● **WHAT THE TASK REQUIRES**
A faithful copy of every entry is the goal; keep the images out of it.

--- START ---

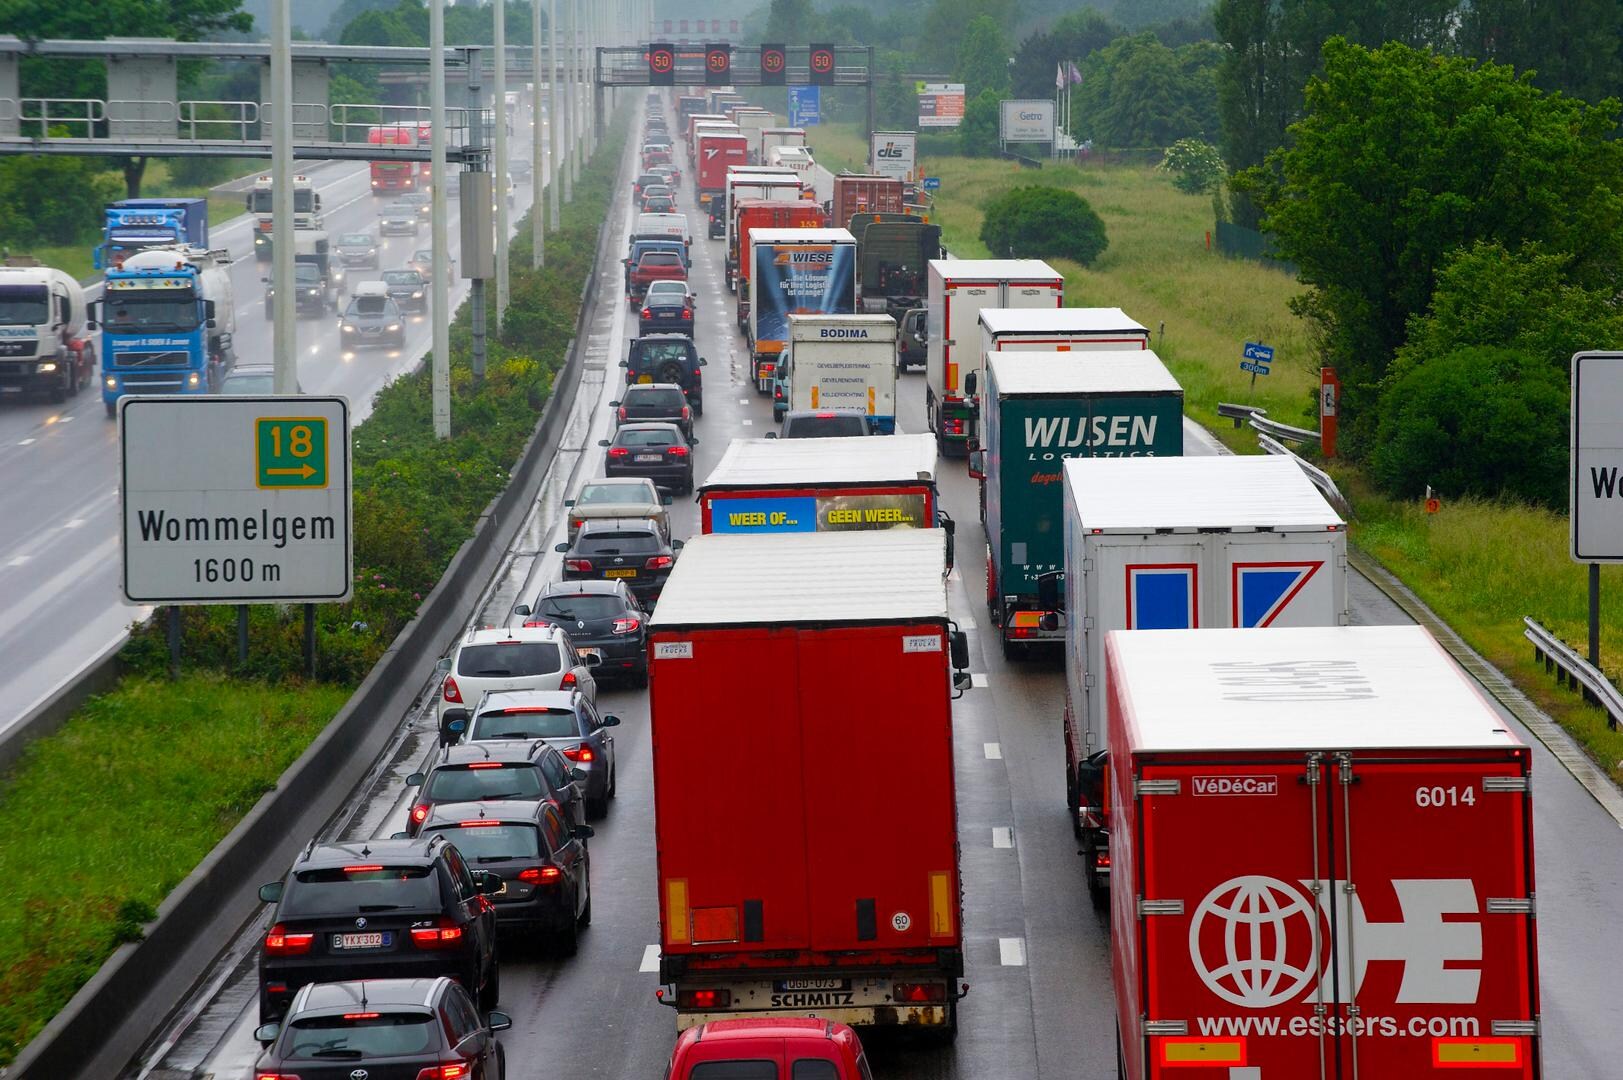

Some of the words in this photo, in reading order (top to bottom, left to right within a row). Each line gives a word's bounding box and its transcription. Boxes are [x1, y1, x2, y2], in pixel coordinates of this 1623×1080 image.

[655, 56, 669, 67] 50
[711, 56, 725, 67] 50
[766, 56, 780, 67] 50
[815, 56, 829, 67] 50
[793, 253, 833, 263] WIESE
[820, 329, 868, 338] BODIMA
[1024, 415, 1158, 448] WIJSEN
[271, 425, 313, 458] 18
[729, 512, 767, 525] WEER
[827, 510, 862, 524] GEEN
[138, 508, 335, 549] Wommelgem
[194, 557, 254, 583] 1600
[262, 563, 281, 582] m
[1194, 778, 1276, 793] VéDéCar
[1416, 786, 1476, 807] 6014
[895, 915, 908, 925] 60
[771, 992, 855, 1007] SCHMITZ
[1197, 1016, 1480, 1037] www.essers.com
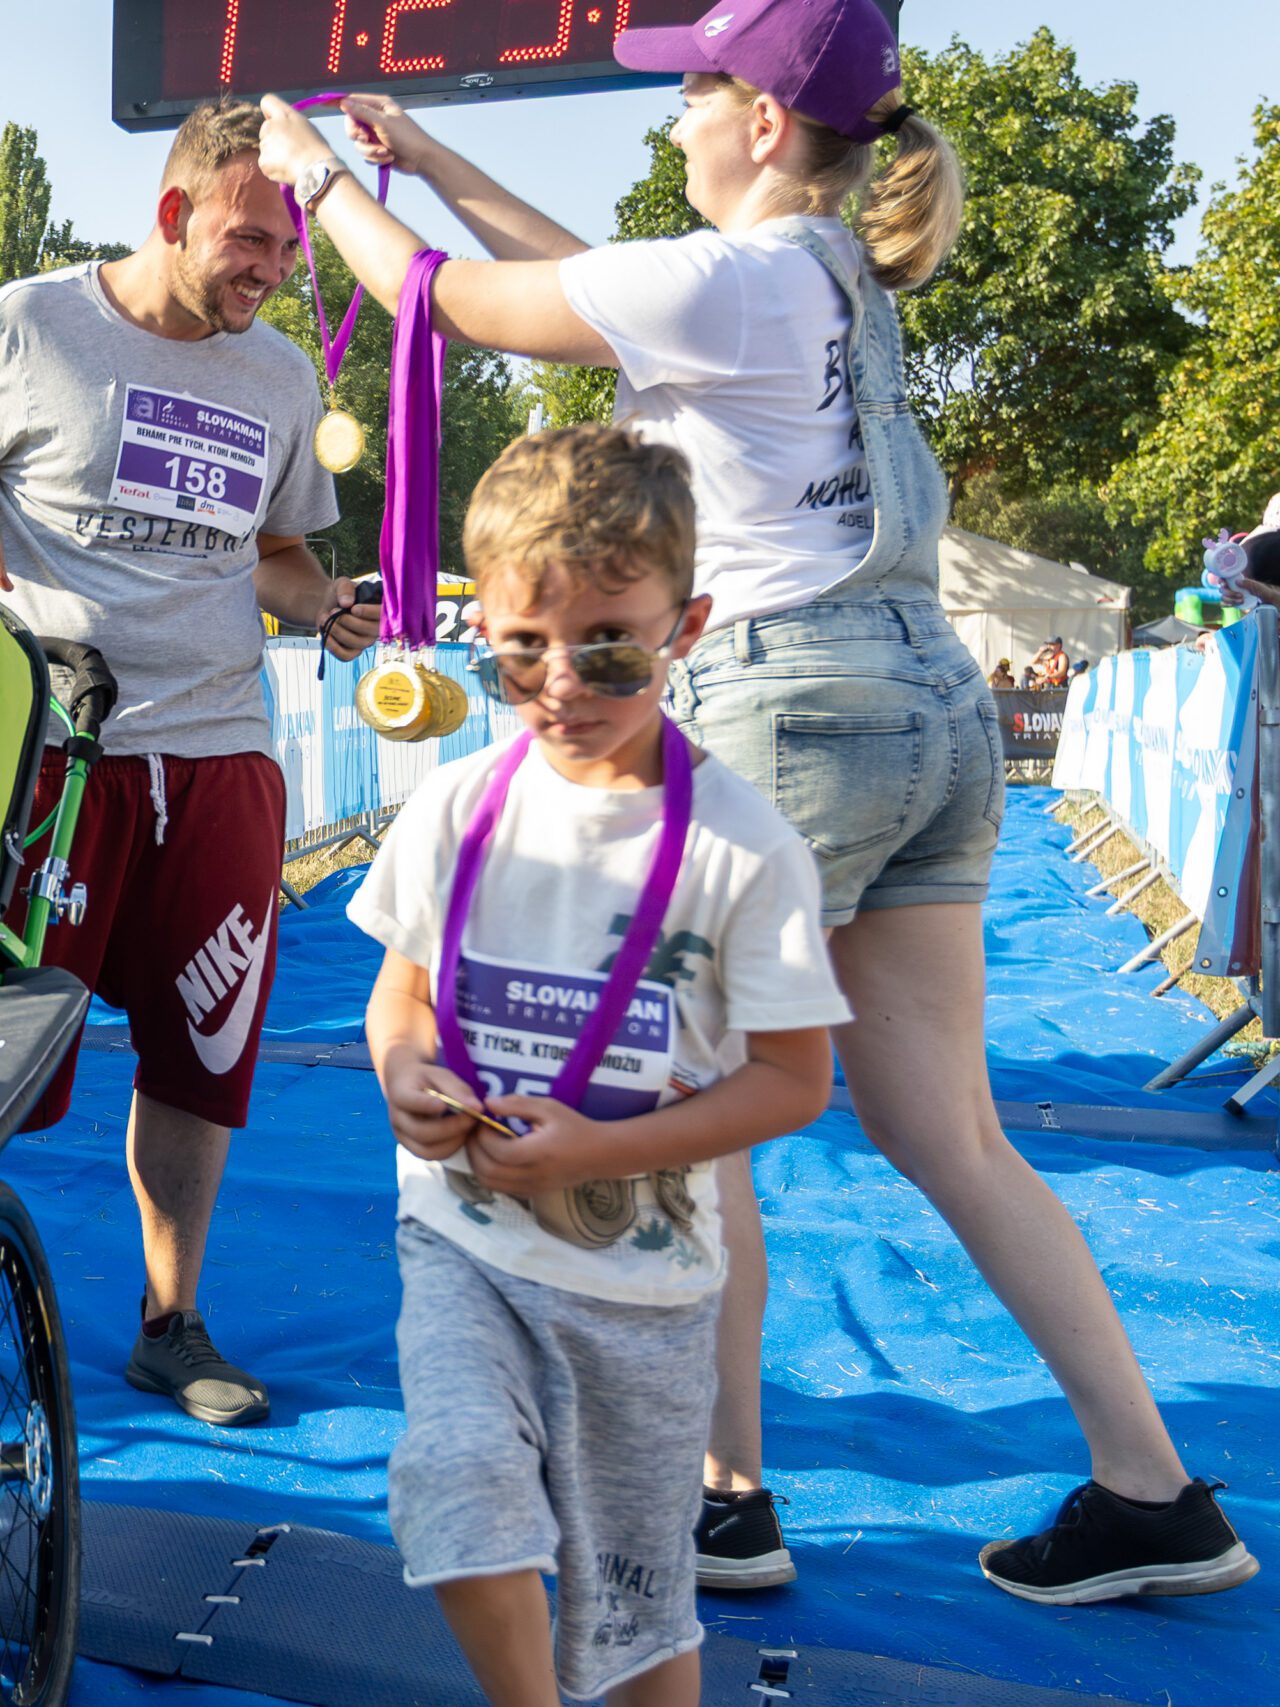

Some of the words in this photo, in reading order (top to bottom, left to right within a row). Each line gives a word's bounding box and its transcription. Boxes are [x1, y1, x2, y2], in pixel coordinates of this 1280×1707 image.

[168, 433, 183, 446] PRE
[196, 410, 262, 442] SLOVAKMAN
[164, 456, 227, 499] 158
[837, 512, 873, 530] ADEL
[175, 903, 261, 1026] NIKE
[505, 980, 663, 1022] SLOVAAN
[506, 1003, 662, 1038] TRIATON
[531, 1041, 572, 1062] KTOR
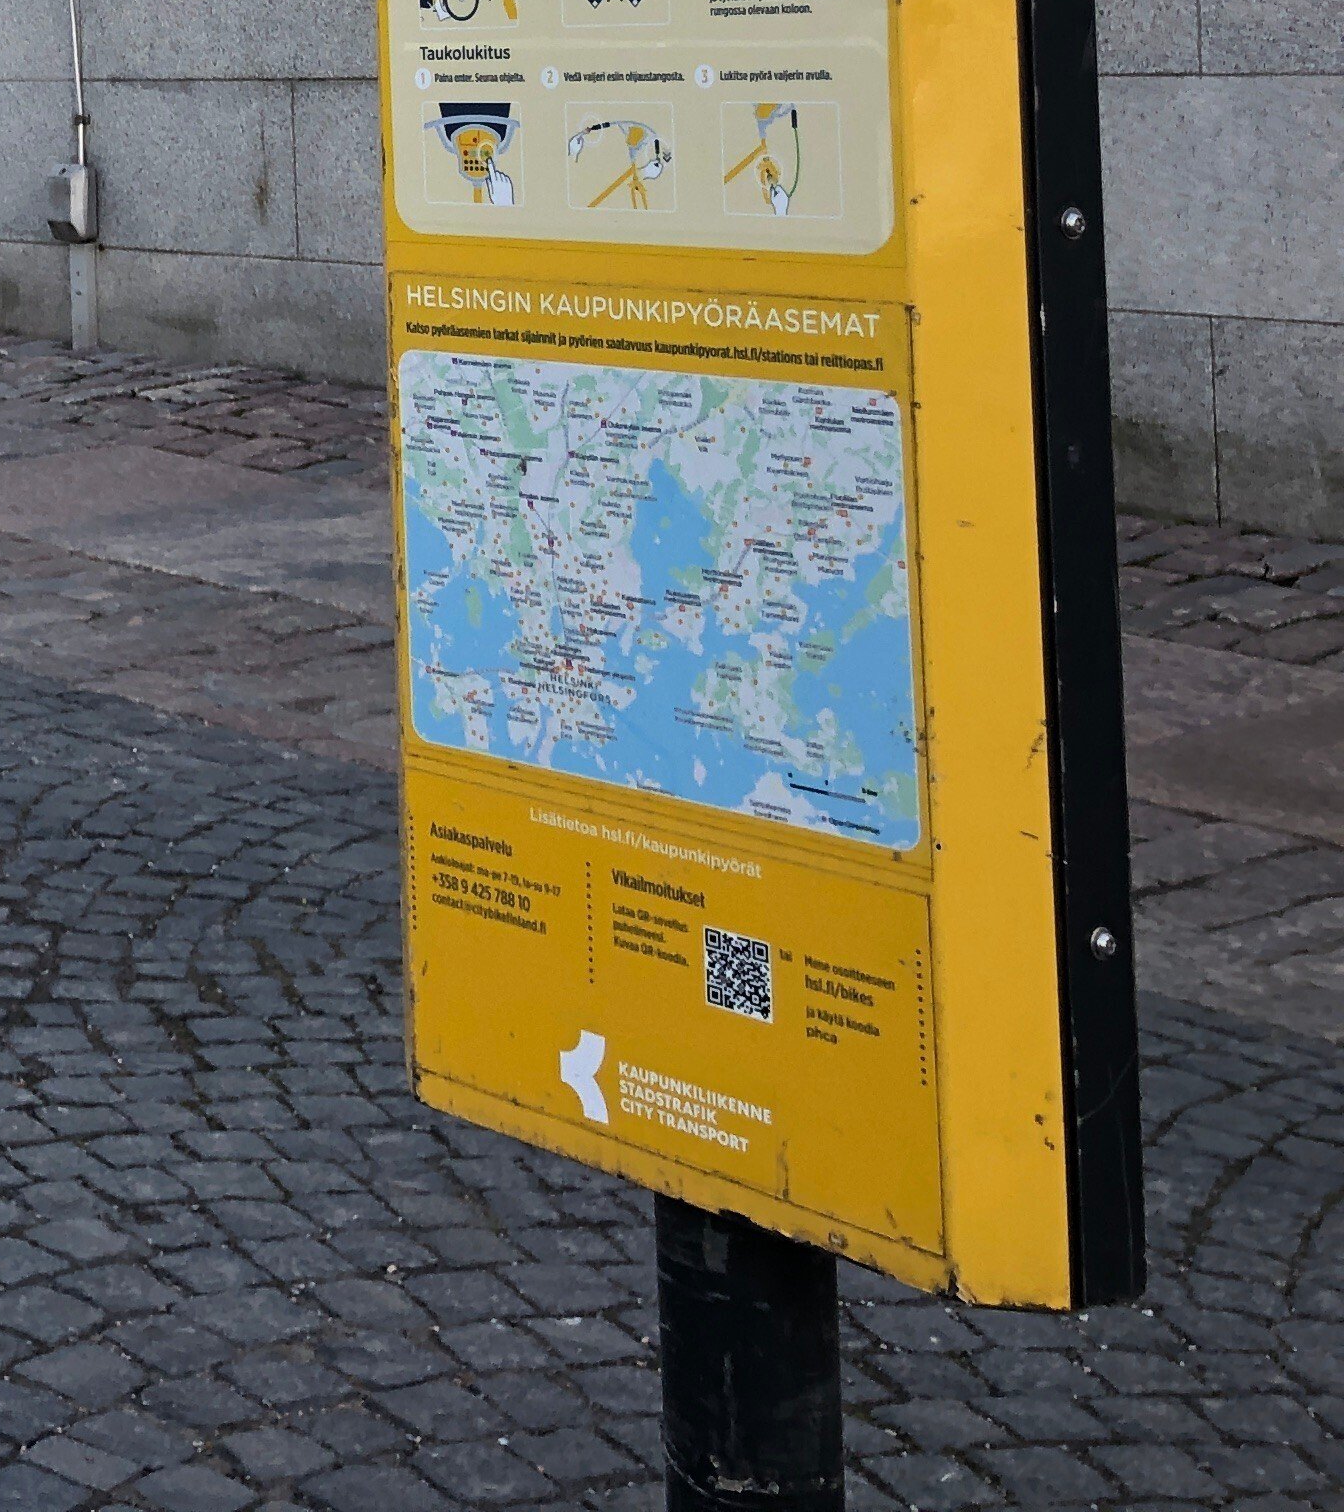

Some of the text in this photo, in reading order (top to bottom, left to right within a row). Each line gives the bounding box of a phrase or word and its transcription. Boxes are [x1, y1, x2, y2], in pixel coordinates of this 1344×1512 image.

--- END ---

● **OUTPUT OF THE TASK**
Some of the words in this photo, in reading order (top to bottom, left to right within a row). Each line gives a word's bounding box and its transcription. Boxes are [x1, y1, x2, y2], in pixel coordinates of this 1623×1080 image.

[655, 56, 669, 67] 50
[711, 56, 725, 67] 50
[766, 56, 780, 67] 50
[815, 56, 829, 67] 50
[793, 253, 833, 263] WIESE
[820, 329, 868, 338] BODIMA
[1024, 415, 1158, 448] WIJSEN
[271, 425, 313, 458] 18
[729, 512, 767, 525] WEER
[827, 510, 862, 524] GEEN
[138, 508, 335, 549] Wommelgem
[194, 557, 254, 583] 1600
[262, 563, 281, 582] m
[1194, 778, 1276, 793] VéDéCar
[1416, 786, 1476, 807] 6014
[895, 915, 908, 925] 60
[771, 992, 855, 1007] SCHMITZ
[1197, 1016, 1480, 1037] www.essers.com

Some of the words in this photo, in reading order (top to bottom, left to right within a row). Each line gives a word's bounding box and its transcription. Boxes are [x1, y1, x2, y2], in pixel coordinates of this 1280×1707 image.

[168, 433, 183, 446] PRE
[196, 410, 262, 442] SLOVAKMAN
[164, 456, 227, 499] 158
[837, 512, 873, 530] ADEL
[175, 903, 261, 1026] NIKE
[505, 980, 663, 1022] SLOVAAN
[506, 1003, 662, 1038] TRIATON
[531, 1041, 572, 1062] KTOR

Some of the text in this photo, in reading order (top to bottom, left to right within a row). Each line gives the bounding box of a phrase or word and its transcription. Boxes are [x1, y1, x2, y2], in pixel coordinates of this 1344×1512 image.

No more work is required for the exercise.